Changing the Ends and Means of U.S. Foreign Policy

Posted Feb 25 2014

Alec Ross, who served as senior advisor for innovation under Secretary of State Hillary Clinton, disagrees with the notion that America’s power is in decline. Instead, he says, it is “a loss of control” — over the media and the information environment — that is making statecraft more difficult for the United States and other nations.

“The 24-7 news cycle has disrupted the public’s perception of foreign policy,” said Ross at a February 19 conversation with Dean Merit Janow on the role of technology in diplomacy.

In the 1970s, he explained, the former secretary of state Henry Kissinger had the ability to frame a narrative through a few storytellers and media outlets. Today, in contrast, we are losing control over the narrative of statecraft as technology makes it more difficult to have interactions without potential leaks.

“Formal interactions between sovereign nation-states have never been more difficult and less consequential than today,” Ross said.

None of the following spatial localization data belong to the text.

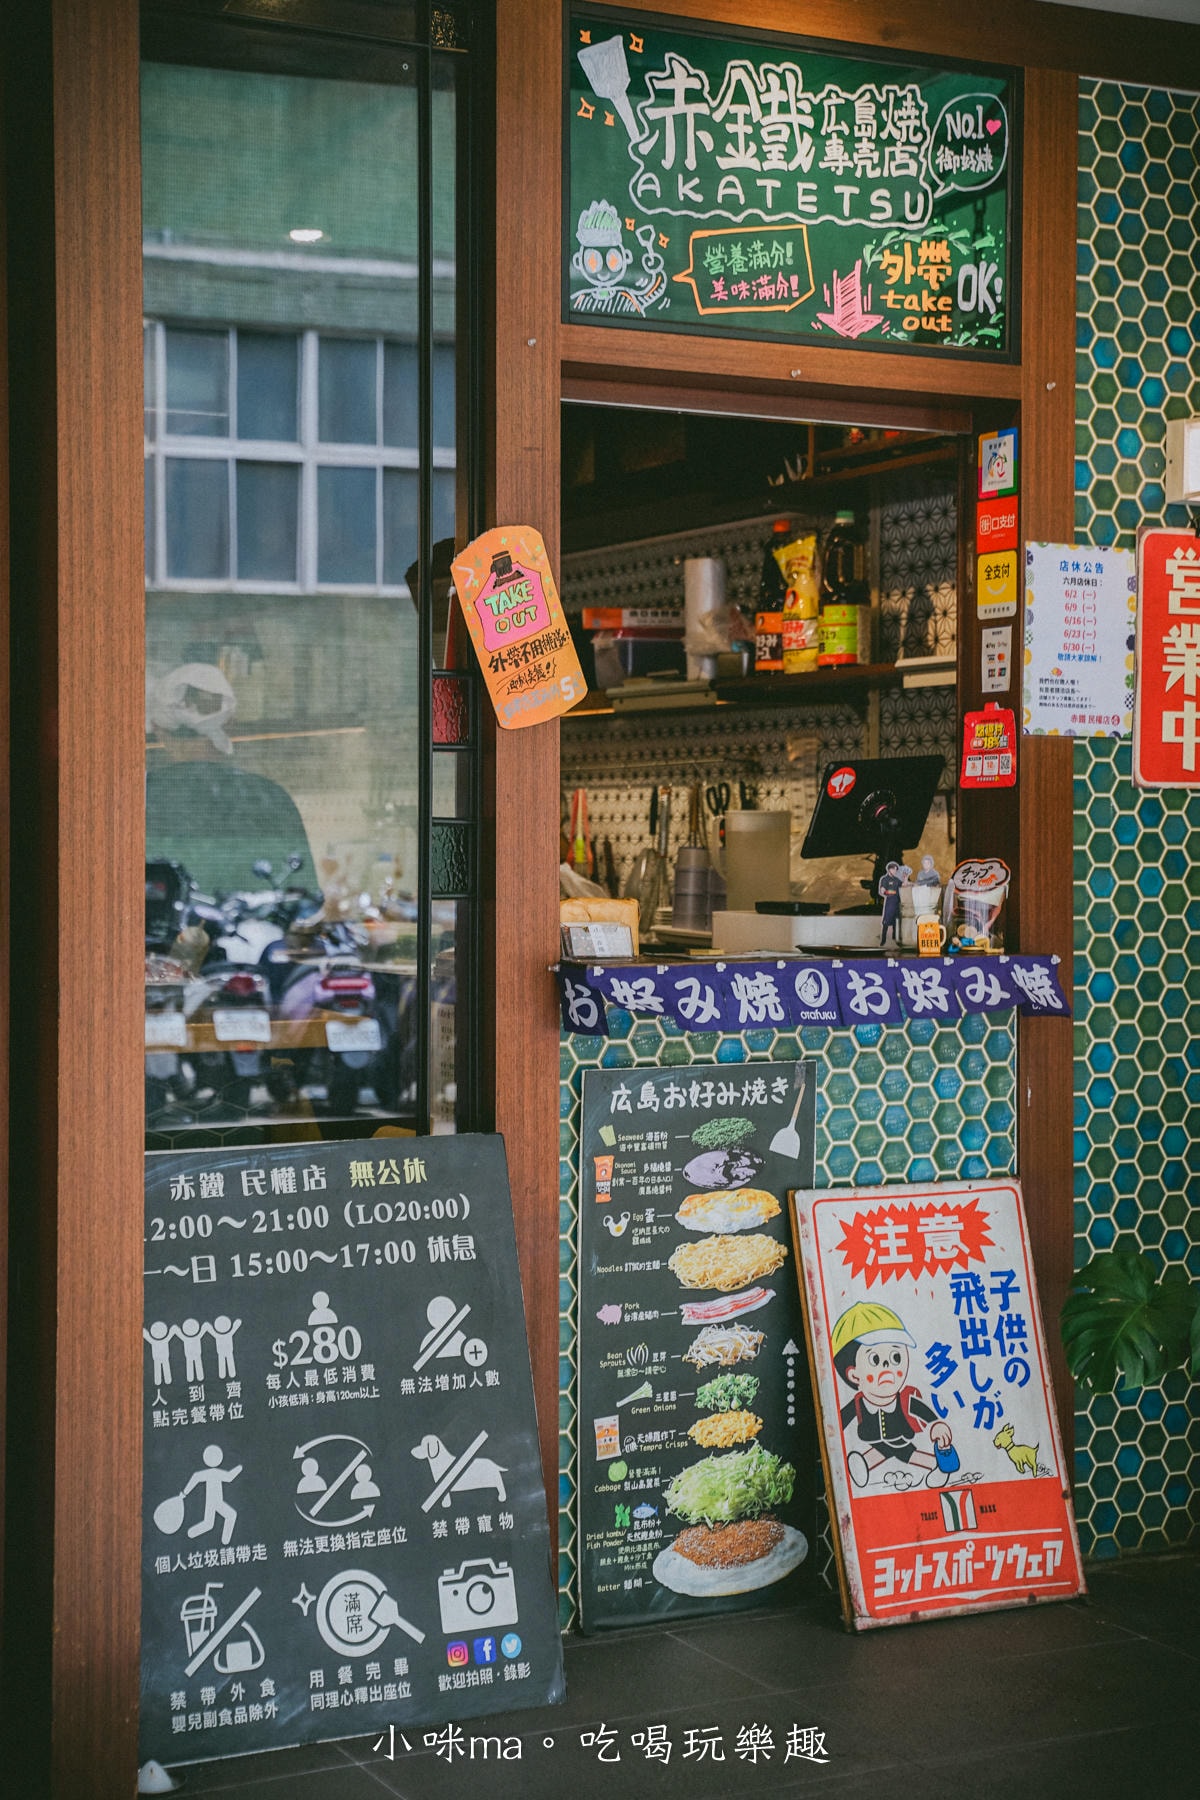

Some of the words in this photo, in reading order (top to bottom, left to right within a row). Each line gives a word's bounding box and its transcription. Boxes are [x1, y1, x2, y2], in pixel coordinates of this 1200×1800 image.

[639, 64, 815, 173] 赤鐵
[820, 91, 924, 143] 広島焼
[637, 172, 924, 222] AKATETSU
[880, 239, 953, 290] 外帶
[880, 291, 953, 312] take
[902, 313, 953, 333] out
[984, 563, 1010, 581] 全支付
[1059, 560, 1104, 575] 店休公告
[483, 579, 535, 617] TAKE
[1065, 590, 1077, 599] 6/2
[1065, 603, 1077, 612] 6/9
[495, 605, 538, 634] OUT
[1064, 616, 1081, 625] 6/16
[1063, 630, 1080, 639] 6/23
[1063, 643, 1080, 652] 6/30
[921, 939, 939, 948] BEER
[565, 971, 785, 1028] お好み焼
[847, 963, 1064, 1017] お好み焼
[610, 1076, 789, 1114] 広島お好み焼き
[241, 1164, 327, 1197] 民權店
[349, 1157, 428, 1188] 無公休
[144, 1204, 330, 1242] 2:00~21:00
[427, 1234, 477, 1263] 休息
[863, 1213, 970, 1268] 注意
[597, 1265, 623, 1273] Noodles
[624, 1302, 640, 1310] Pork
[988, 1270, 1031, 1388] 子供の
[272, 1324, 362, 1369] $280
[607, 1352, 623, 1360] Bean
[949, 1271, 1004, 1431] 飛出しが
[266, 1364, 376, 1391] 每人最低消費
[600, 1360, 626, 1369] Sprouts
[400, 1369, 501, 1396] 無法增加人數
[925, 1341, 966, 1419] 多い
[151, 1402, 245, 1428] 點完餐帶位
[631, 1407, 650, 1415] Green
[653, 1403, 676, 1412] Onions
[665, 1440, 688, 1449] Crisps
[594, 1484, 621, 1492] Cabbage
[432, 1512, 515, 1538] 禁帶寵物
[586, 1532, 604, 1541] Dried
[283, 1527, 408, 1558] 無法更換指定座位
[587, 1542, 601, 1550] Fish
[603, 1540, 624, 1548] Powder
[154, 1543, 268, 1575] 個人垃圾請帶走
[873, 1537, 1065, 1598] ヨットスポーツウェア
[597, 1584, 621, 1592] Batter
[343, 1592, 364, 1635] 滿席
[309, 1657, 410, 1689] 用餐完畢
[170, 1678, 277, 1710] 禁帶外食
[310, 1681, 412, 1711] 同理心釋出座位
[171, 1702, 279, 1735] 嬰兒副食品除外
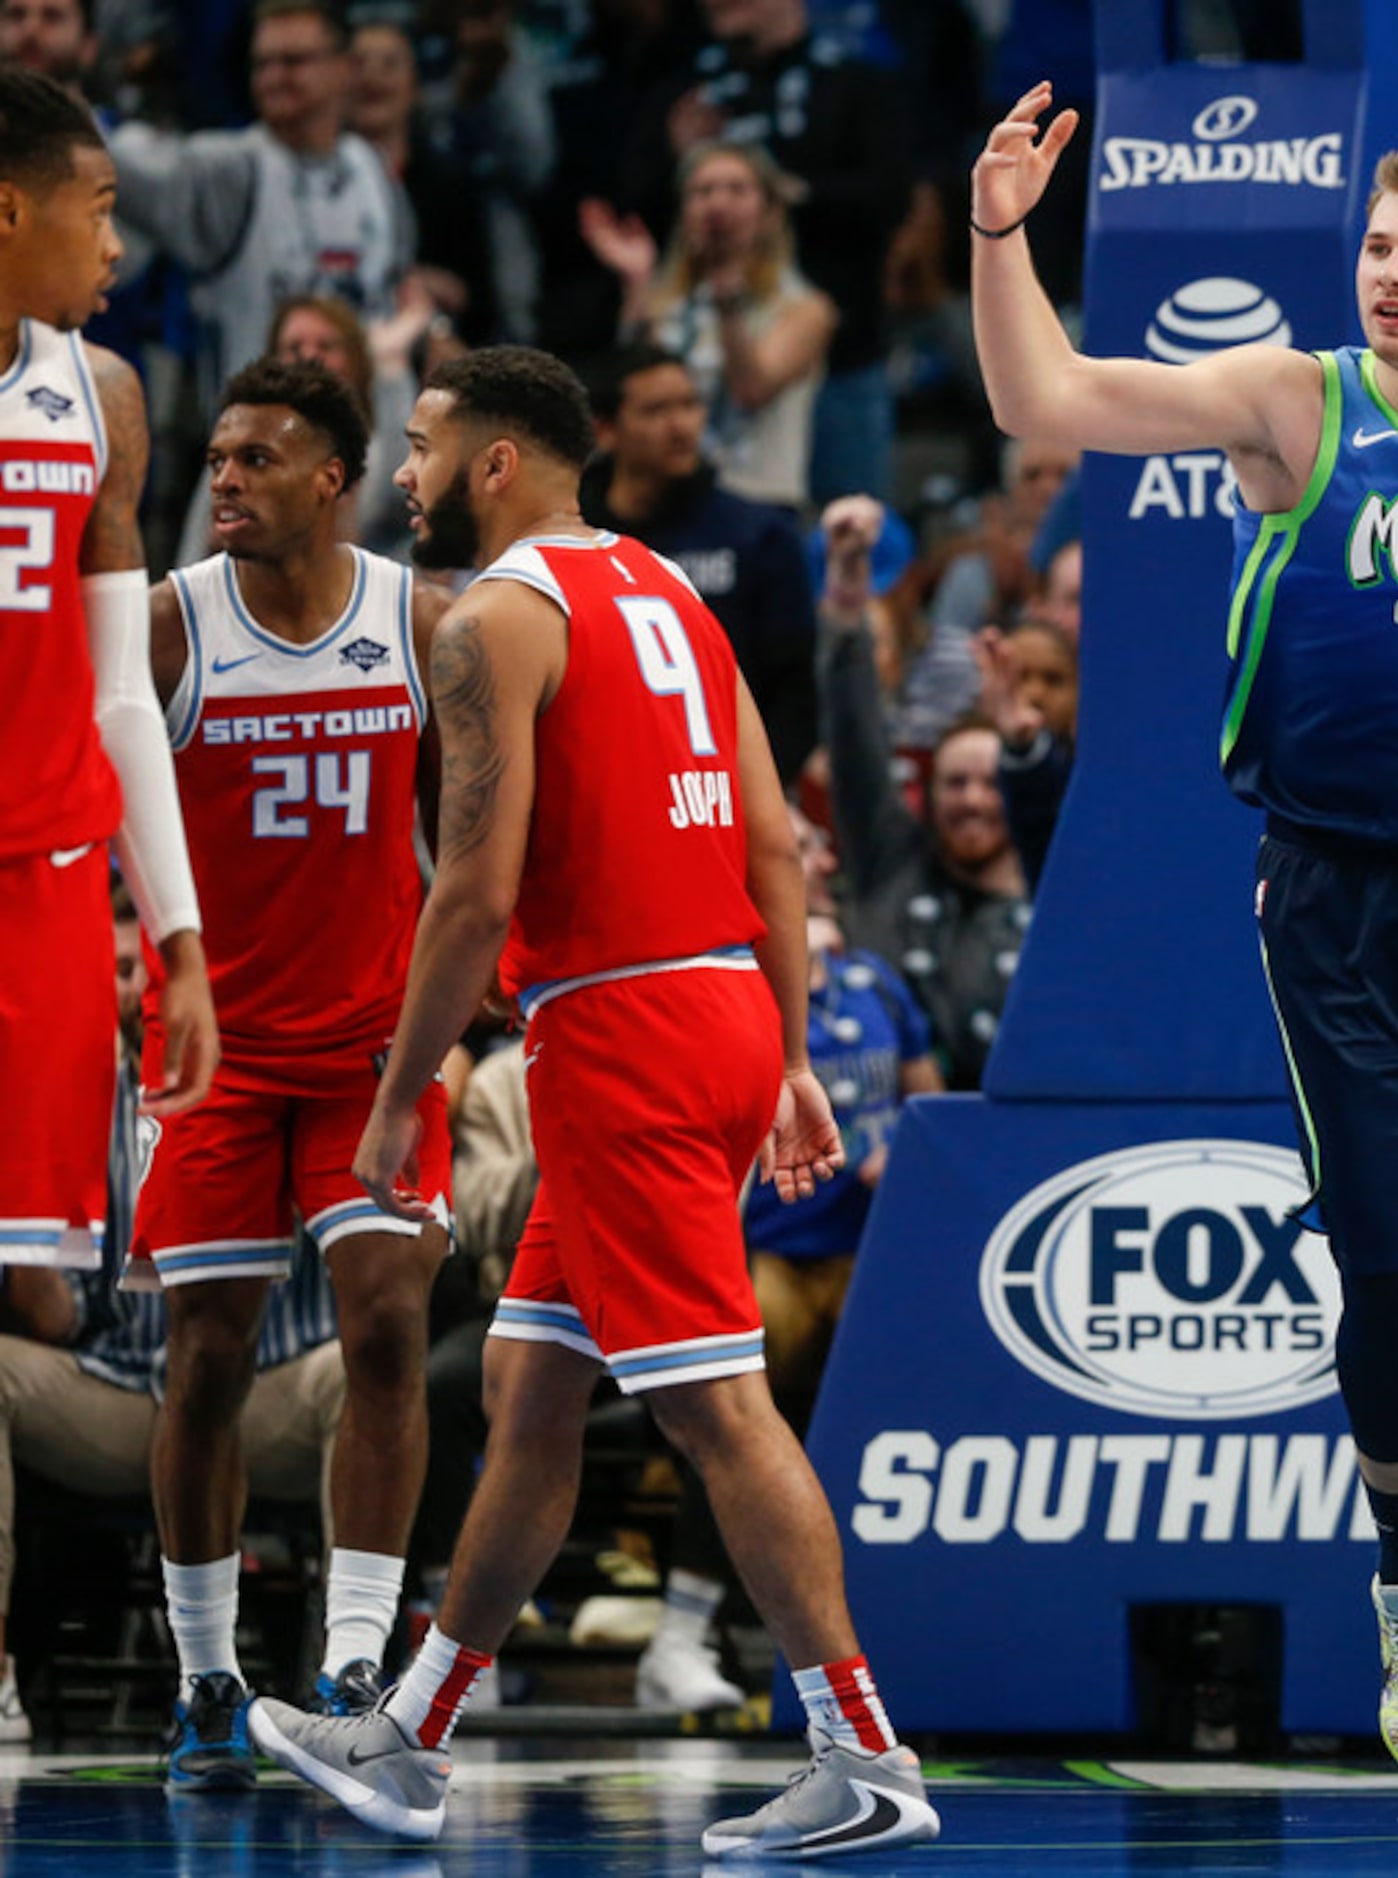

Where diplomacy is traditionally rooted in conversations behind doors, he said such discussions are almost impossible today, and have therefore become less consequential because of the dimished control of nation-states and the increasing weight of non-state actors.

Ross cited recent events in Egypt to illustrate a loss of control over networks of interlocutors. He said the recent trouble with American foreign policy in Egypt was rooted in the outdated idea that ministers and generals were the main point of contact, when in fact the drivers of change were a segment outside this elite group. American diplomats, he said, failed to engage with those outside of the traditional institutions and hierarchies they were accustomed to engaging.

Based on this declining control by nation-states, Ross predicted that the “zeal to surveil” would result in an environment in which “privacy as we know it will be non-existent in 10 years.”

That is, he said, pointing to the audience, “unless you solve it.”

As technology is sure to rapidly become more sophisticated, laws and regulations need to meet its rise. Ross stressed that it is up to citizens to set up norms and govern the use of technology, rather than be governed by technology.

Based on his observations working in the backstages of U.S. foreign policy over the years, Ross made two more predictions on how technology will continue to affect states.

He said the conversion of currency to code will challenge traditional finance systems, and that in two years there will be at least $100 billion worth of cryptocurrency in circulation. The existence of a currency not rooted in state sovereignty will facilitate capital flight from certain countries and affect transnational commerce.

Finally, he said, cyberconflicts would likely rise between corporations and states, rather than between states. A cyberattack on Google by the Chinese military, for example, might in the future prompt a counterattack from Google. At present, such a response would be restrained by Google’s ties to its home government.

Ross, who is serving as a senior fellow at SIPA this semester at Dean Janow’s invitation, is scheduled to appear at two additional events later in the semester. He will discuss “Breakthrough Innovation and Global Growth” with Jan Svejnar on March 25, and “The Geopolitics of Cyber” with Anya Schiffrin on March 31.